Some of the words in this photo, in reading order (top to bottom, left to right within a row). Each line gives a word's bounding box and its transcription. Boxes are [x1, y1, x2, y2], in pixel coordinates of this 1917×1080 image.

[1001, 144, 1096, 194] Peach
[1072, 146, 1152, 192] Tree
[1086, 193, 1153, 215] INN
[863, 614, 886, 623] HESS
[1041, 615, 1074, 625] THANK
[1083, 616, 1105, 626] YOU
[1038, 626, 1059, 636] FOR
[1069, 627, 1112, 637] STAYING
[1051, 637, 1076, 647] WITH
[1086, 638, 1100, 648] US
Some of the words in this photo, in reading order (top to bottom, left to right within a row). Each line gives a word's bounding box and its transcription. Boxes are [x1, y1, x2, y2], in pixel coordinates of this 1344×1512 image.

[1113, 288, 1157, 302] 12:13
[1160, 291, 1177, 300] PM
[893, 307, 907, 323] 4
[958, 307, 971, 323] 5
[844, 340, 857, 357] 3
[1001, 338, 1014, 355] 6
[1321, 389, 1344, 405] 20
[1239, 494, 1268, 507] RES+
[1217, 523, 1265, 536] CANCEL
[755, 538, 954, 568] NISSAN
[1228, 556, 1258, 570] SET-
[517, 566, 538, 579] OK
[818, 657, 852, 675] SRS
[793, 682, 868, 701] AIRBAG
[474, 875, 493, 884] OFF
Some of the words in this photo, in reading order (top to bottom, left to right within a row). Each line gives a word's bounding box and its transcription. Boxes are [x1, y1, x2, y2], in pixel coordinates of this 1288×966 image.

------------------------

Each entry, from start to finish, must be restated exactly.

Written solution:
Some of the words in this photo, in reading order (top to bottom, left to right within a row). Each line gives a word's bounding box and its transcription. Boxes are [x1, y1, x2, y2], in pixel coordinates of this 1917×1080 image.

[1001, 144, 1096, 194] Peach
[1072, 146, 1152, 192] Tree
[1086, 193, 1153, 215] INN
[863, 614, 886, 623] HESS
[1041, 615, 1074, 625] THANK
[1083, 616, 1105, 626] YOU
[1038, 626, 1059, 636] FOR
[1069, 627, 1112, 637] STAYING
[1051, 637, 1076, 647] WITH
[1086, 638, 1100, 648] US
Some of the words in this photo, in reading order (top to bottom, left to right within a row). Each line gives a word's bounding box and its transcription. Boxes are [x1, y1, x2, y2], in pixel coordinates of this 1344×1512 image.

[1113, 288, 1157, 302] 12:13
[1160, 291, 1177, 300] PM
[893, 307, 907, 323] 4
[958, 307, 971, 323] 5
[844, 340, 857, 357] 3
[1001, 338, 1014, 355] 6
[1321, 389, 1344, 405] 20
[1239, 494, 1268, 507] RES+
[1217, 523, 1265, 536] CANCEL
[755, 538, 954, 568] NISSAN
[1228, 556, 1258, 570] SET-
[517, 566, 538, 579] OK
[818, 657, 852, 675] SRS
[793, 682, 868, 701] AIRBAG
[474, 875, 493, 884] OFF
Some of the words in this photo, in reading order (top to bottom, left to right within a row). Each line gives a word's bounding box and its transcription. Boxes are [x1, y1, x2, y2], in pixel coordinates of this 1288×966 image.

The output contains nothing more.